• [WORK TO BE COMPLETED]: Return all of the entries exactly, with nothing added or left out.

• [RECORDS SHOWN]:
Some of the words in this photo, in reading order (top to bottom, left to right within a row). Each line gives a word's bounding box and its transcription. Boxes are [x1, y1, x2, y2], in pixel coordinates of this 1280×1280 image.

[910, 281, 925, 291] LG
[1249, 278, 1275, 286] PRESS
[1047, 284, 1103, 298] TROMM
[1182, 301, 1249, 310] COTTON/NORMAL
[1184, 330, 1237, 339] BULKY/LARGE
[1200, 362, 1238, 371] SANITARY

• [EXERCISE ANSWER]:
Some of the words in this photo, in reading order (top to bottom, left to right within a row). Each line gives a word's bounding box and its transcription. Boxes are [x1, y1, x2, y2], in pixel coordinates of this 1280×1280 image.

[910, 281, 925, 291] LG
[1249, 278, 1275, 286] PRESS
[1047, 284, 1103, 298] TROMM
[1182, 301, 1249, 310] COTTON/NORMAL
[1184, 330, 1237, 339] BULKY/LARGE
[1200, 362, 1238, 371] SANITARY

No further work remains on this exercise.